One of the study's innovations involved the examination of M. tuberculosis as it interacted with bone marrowderived macrophages during the infective process.

"That's a huge change from standard anti-infective research, which typically deals with the pathogen simply replicating in culture," explains Dr. Vandal. "In our experiments, we wanted to see if biochemical actors would emerge in the infective process that might be inoperative in the usual in vitro setting."

The team specifically focused on changes in the pH (acidity) of the phagosome -- a structure that macrophages use to consume and destroy pathogens, including bacteria.

"As part of this process, the phagosome becomes acidic, which is thought to contribute to its ability to break down and destroy the pathogen," Dr. Ehrt explains. "However, M. tuberculosis appears to survive the acidification process, keeping its own internal pH stable."

How does the bacteria do this, despite being surrounded by the more highly acidic phagosome? To find out, the team used a kind of genetic tweaking that effectively disabled M.tuberculosis' ability to produce a key protein lying at its membrane -- a protease (enzyme) called Rv3671c.

They then watched how the organism fared without it.

"What we observed was pretty amazing -- without functioning Rv3671c, the mutant bacterium was easily destroyed in a low-pH environment, both in culture and inside the more acidic environment of the macrophage," says Dr. Vandal. "This revealed a new point of vulnerability for the bacterium."
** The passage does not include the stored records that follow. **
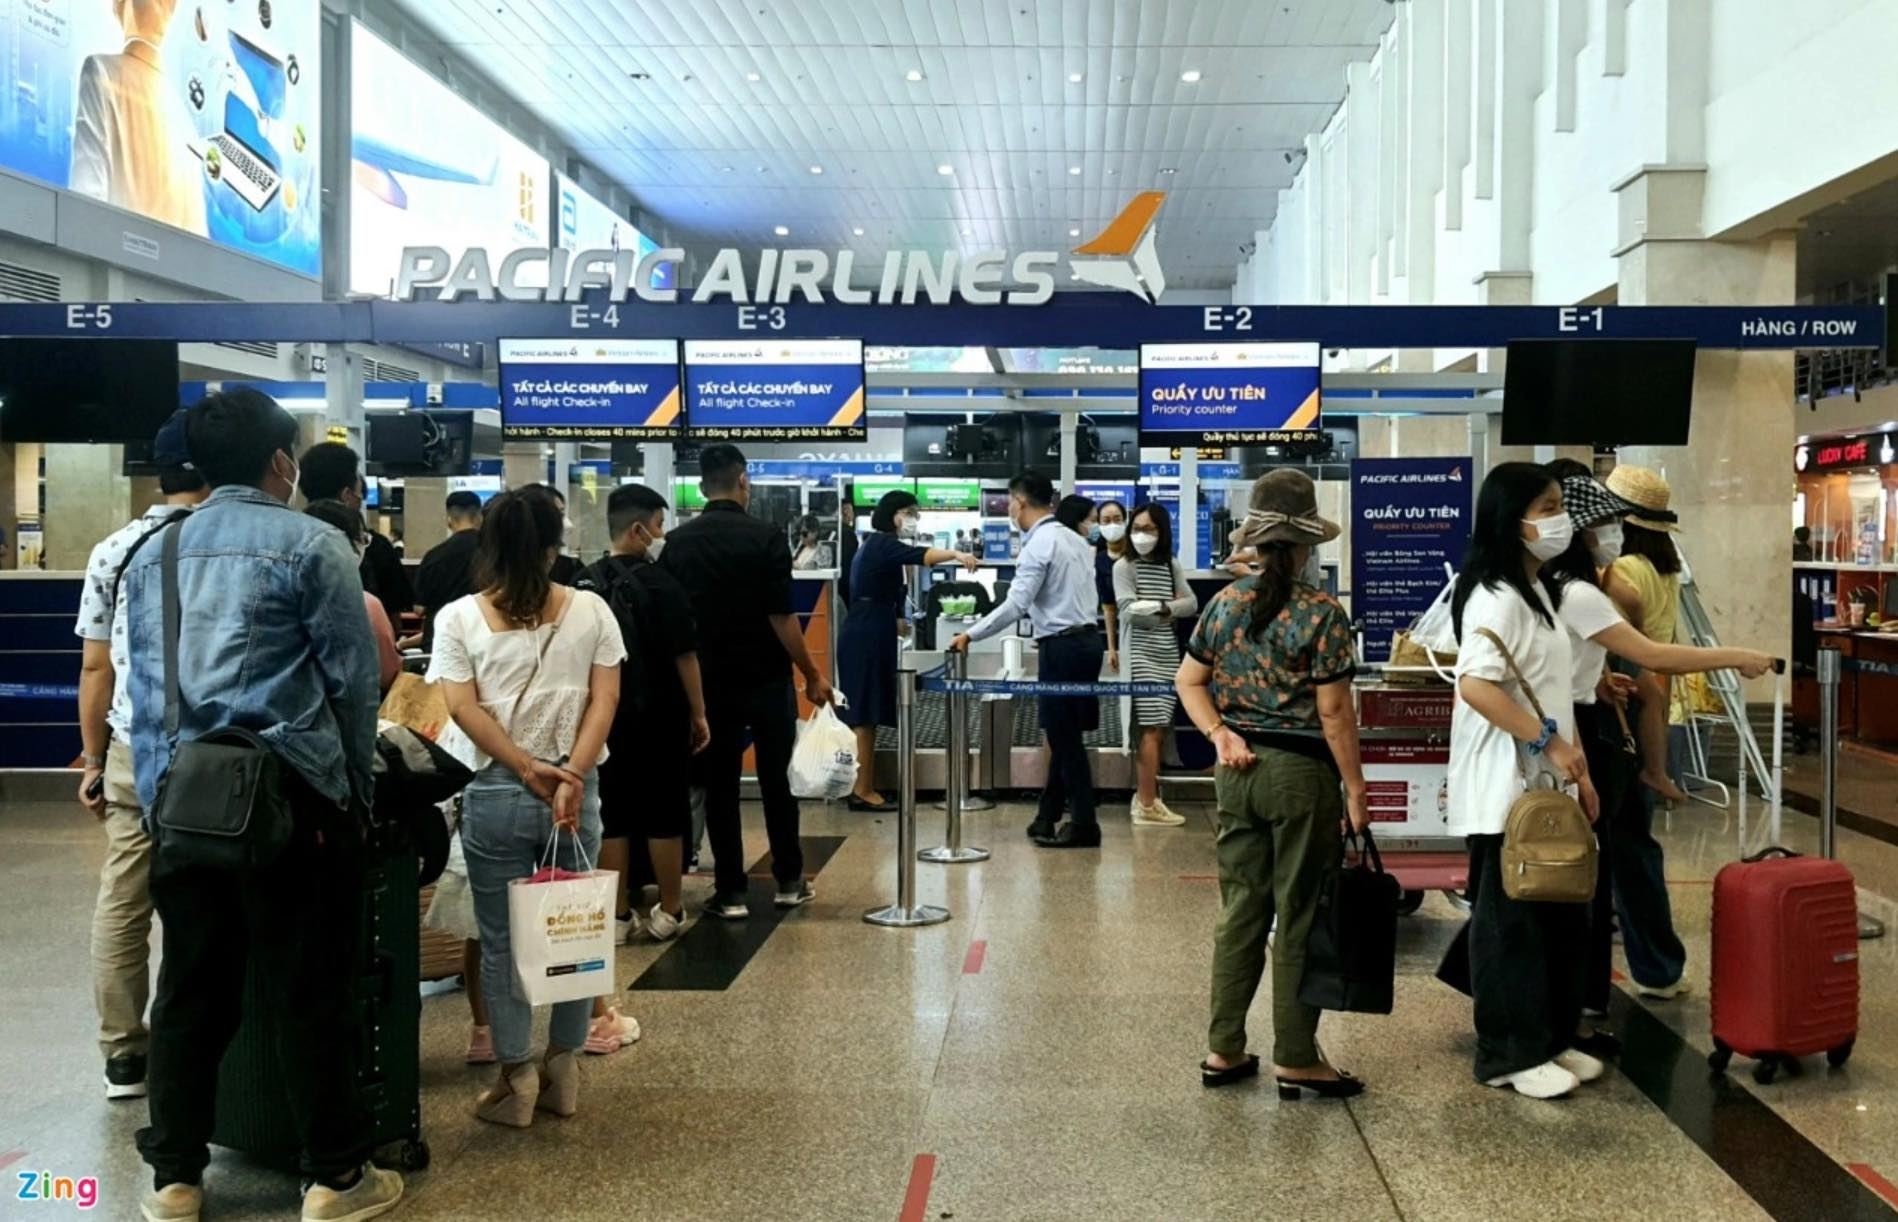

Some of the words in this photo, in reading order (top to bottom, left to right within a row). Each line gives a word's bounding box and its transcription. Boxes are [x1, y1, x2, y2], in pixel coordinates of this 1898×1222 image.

[397, 246, 684, 302] PACIFIC
[691, 248, 1060, 305] AIRLINES
[67, 304, 112, 328] E-5
[570, 305, 620, 328] E-4
[737, 306, 787, 330] E-3
[1204, 306, 1252, 330] E-2
[1558, 307, 1603, 331] E-1
[1742, 318, 1797, 336] HÀNG
[1800, 321, 1808, 335] /
[1813, 320, 1858, 336] ROW
[512, 379, 534, 393] TẤT
[553, 381, 577, 393] CÁC
[625, 383, 649, 394] BAY
[697, 381, 719, 394] TẤT
[738, 382, 762, 394] CÁC
[809, 384, 833, 395] BAY
[1202, 386, 1225, 400] ƯU
[1230, 384, 1266, 400] TIÊN
[513, 396, 529, 406] All
[531, 396, 559, 408] flight
[562, 396, 612, 407] Check-in
[699, 398, 714, 408] All
[716, 397, 744, 409] flight
[747, 397, 796, 408] Check-in
[1152, 404, 1191, 415] Priority
[1195, 405, 1237, 414] counter
[625, 428, 646, 437] mins
[648, 428, 667, 438] prior
[668, 429, 678, 437] to
[1292, 432, 1303, 440] 40
[874, 463, 893, 472] G-4
[1361, 474, 1399, 484] PACIFIC
[1400, 473, 1447, 483] AIRLINES
[1405, 505, 1425, 518] ƯU
[1428, 504, 1459, 518] TIÊN
[1412, 522, 1450, 530] COUNTER
[1857, 659, 1889, 673] TIA
[943, 680, 974, 690] TIA
[1404, 706, 1451, 716] AGRIB
The experiment also broke new ground because the researchers were able to accurately gauge the bacterium's internal pH with the organism lying inside a host cell.
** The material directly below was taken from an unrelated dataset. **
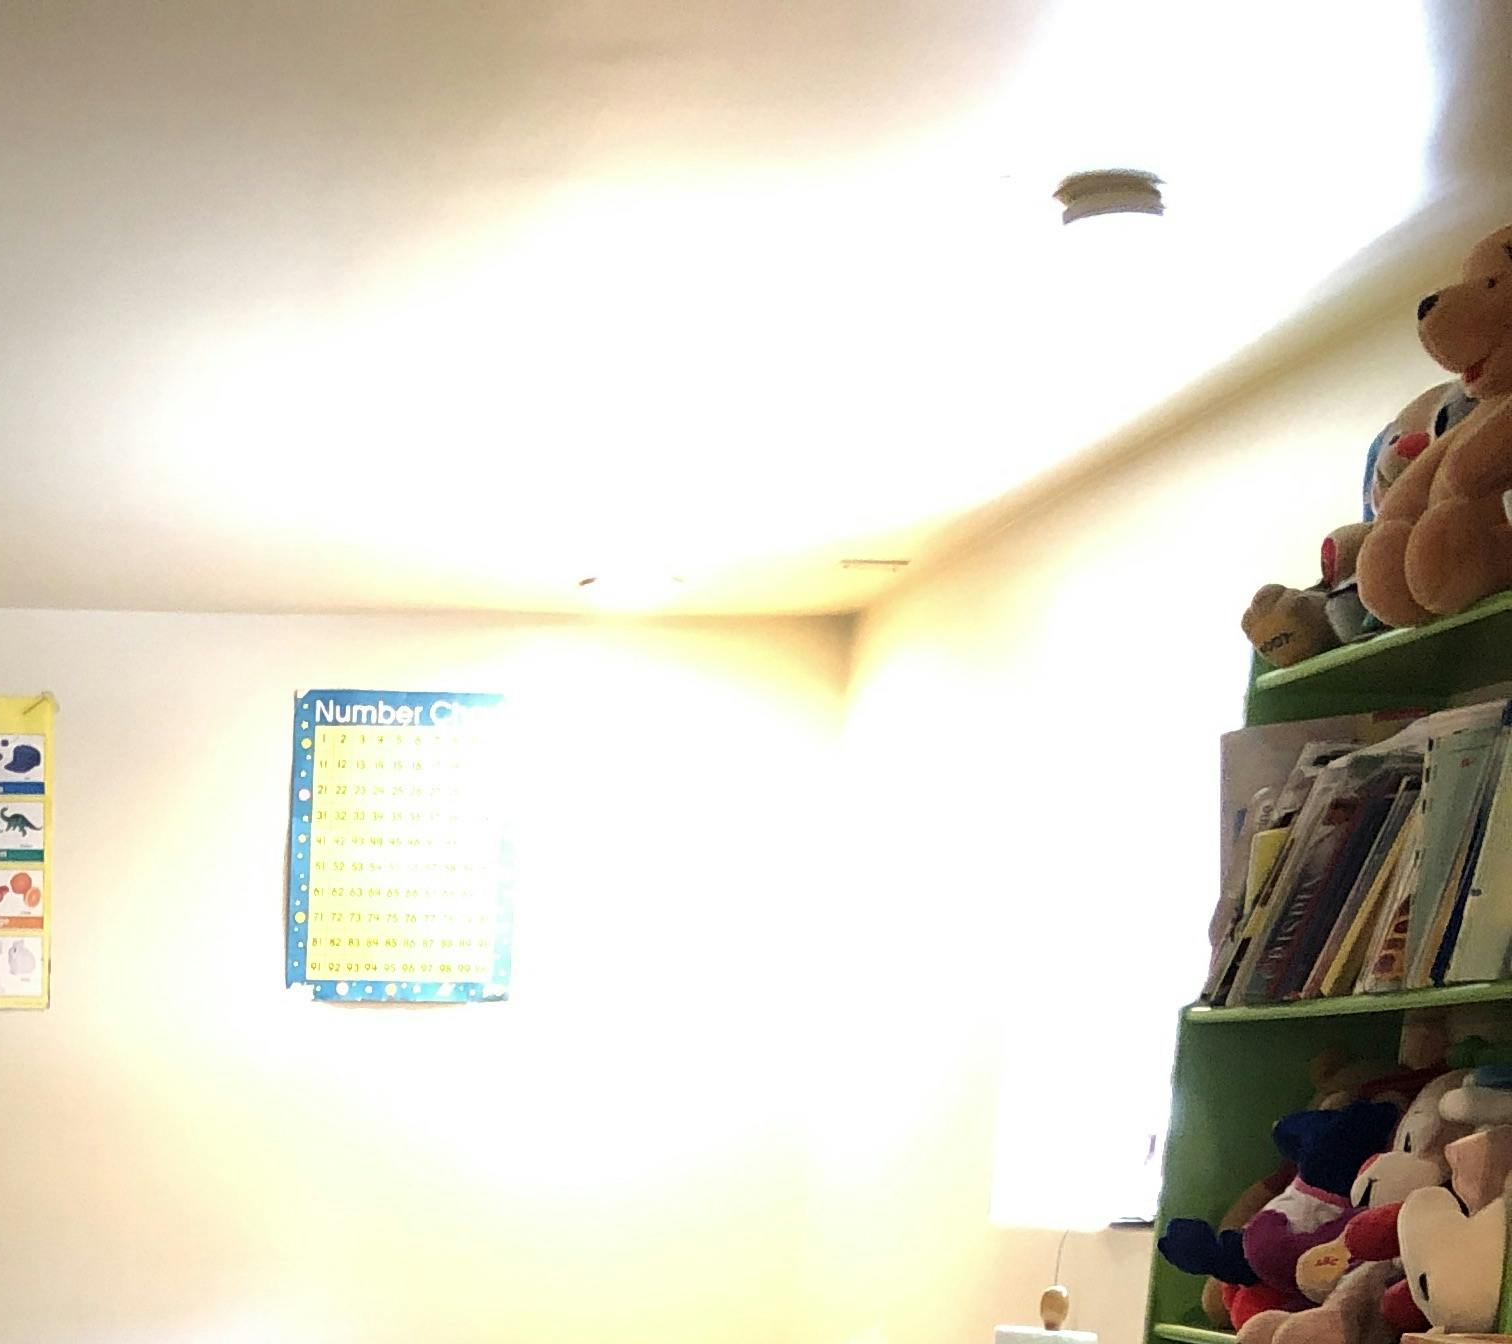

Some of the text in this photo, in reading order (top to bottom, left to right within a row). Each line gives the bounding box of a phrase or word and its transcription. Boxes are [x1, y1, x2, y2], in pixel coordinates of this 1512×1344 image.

[315, 699, 424, 726] Number
[340, 734, 346, 744] 2
[317, 784, 328, 795] 21
"The ability to make those kinds of measurements will expand research into this type of host-pathogen interaction," Dr. Nathan believes.

The next step is to find out why Rv3671c is so crucial to M. tuberculosis' defense.
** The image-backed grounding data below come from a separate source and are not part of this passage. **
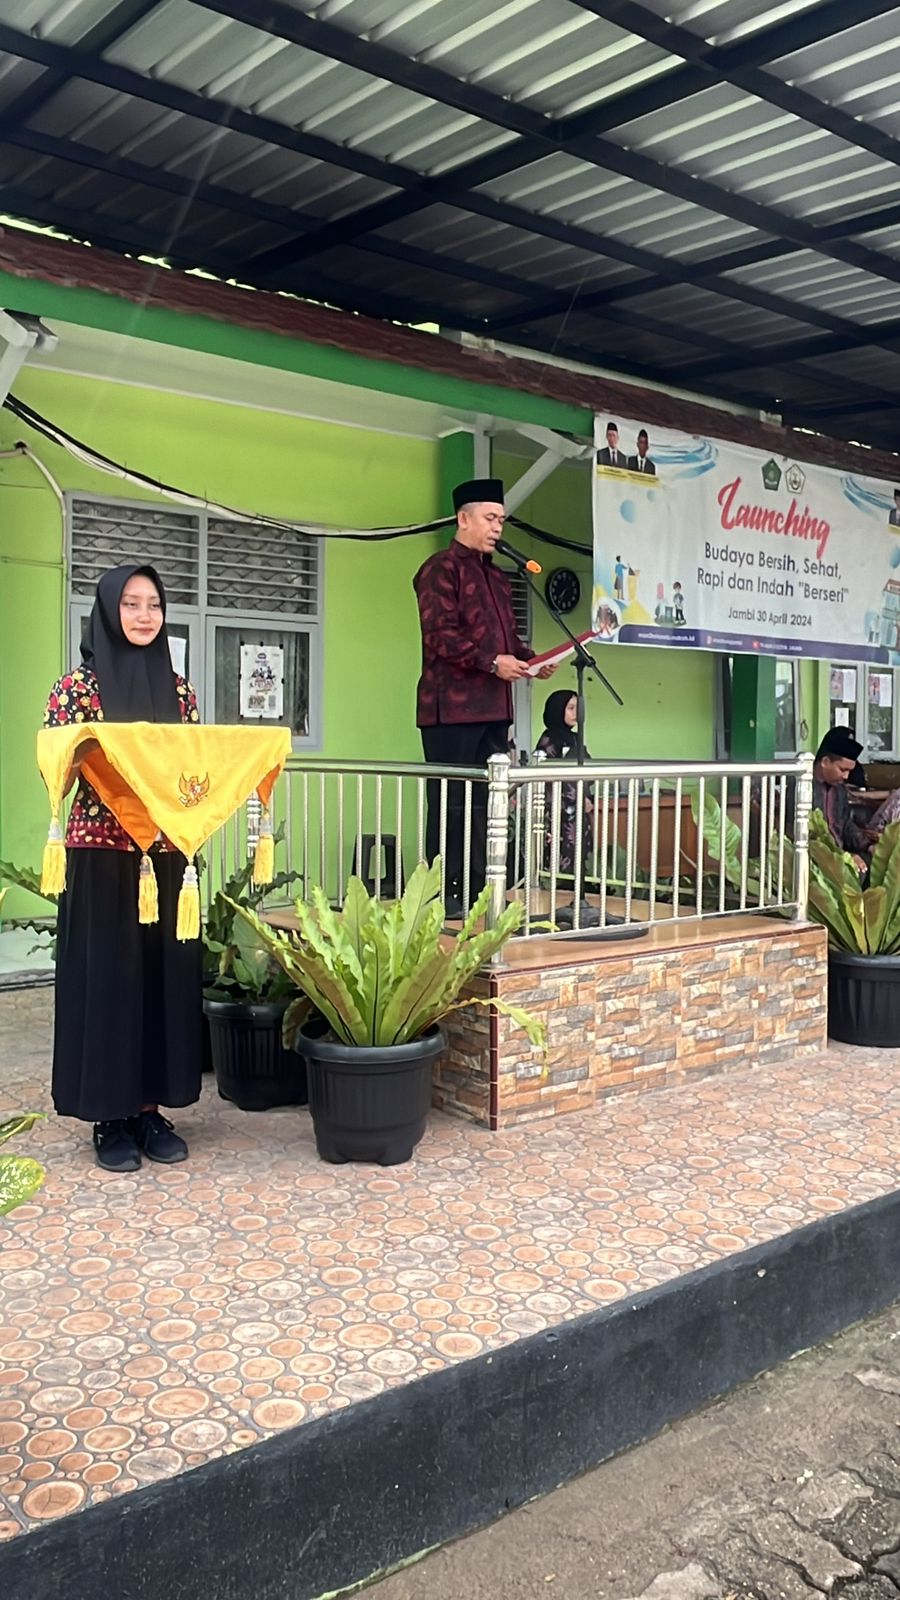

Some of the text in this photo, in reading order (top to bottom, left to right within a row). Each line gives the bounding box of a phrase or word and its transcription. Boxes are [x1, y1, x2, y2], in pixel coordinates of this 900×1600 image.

[718, 476, 831, 560] Launching
[705, 542, 842, 580] Budaya Bersih, Sehat,
[697, 567, 724, 590] Rapi
[727, 572, 753, 592] dan
[757, 576, 794, 597] Indah
[728, 607, 812, 626] Jambi 30 April 2024
"Right now, we have very little idea of the mechanism at work here. Perhaps as an enzyme Rv3671c cleaves a transcription regulator that then turns on some kind of defensive program within the bacterium. Only further study will reveal those secrets," says Dr. Ehrt.

"What is clear is that by targeting an element involved directly in the infective process, we may develop a line of drugs that work in collaboration with, rather than in difference to, the host environment, including host immune responses," Dr. Nathan says. "Hopefully, this kind of approach can help solve the ongoing problem of bacterial drug resistance."

The new study is also another example of an interdisciplinary approach -- this time among biochemists, microbiologists, immunologists and cell biologists.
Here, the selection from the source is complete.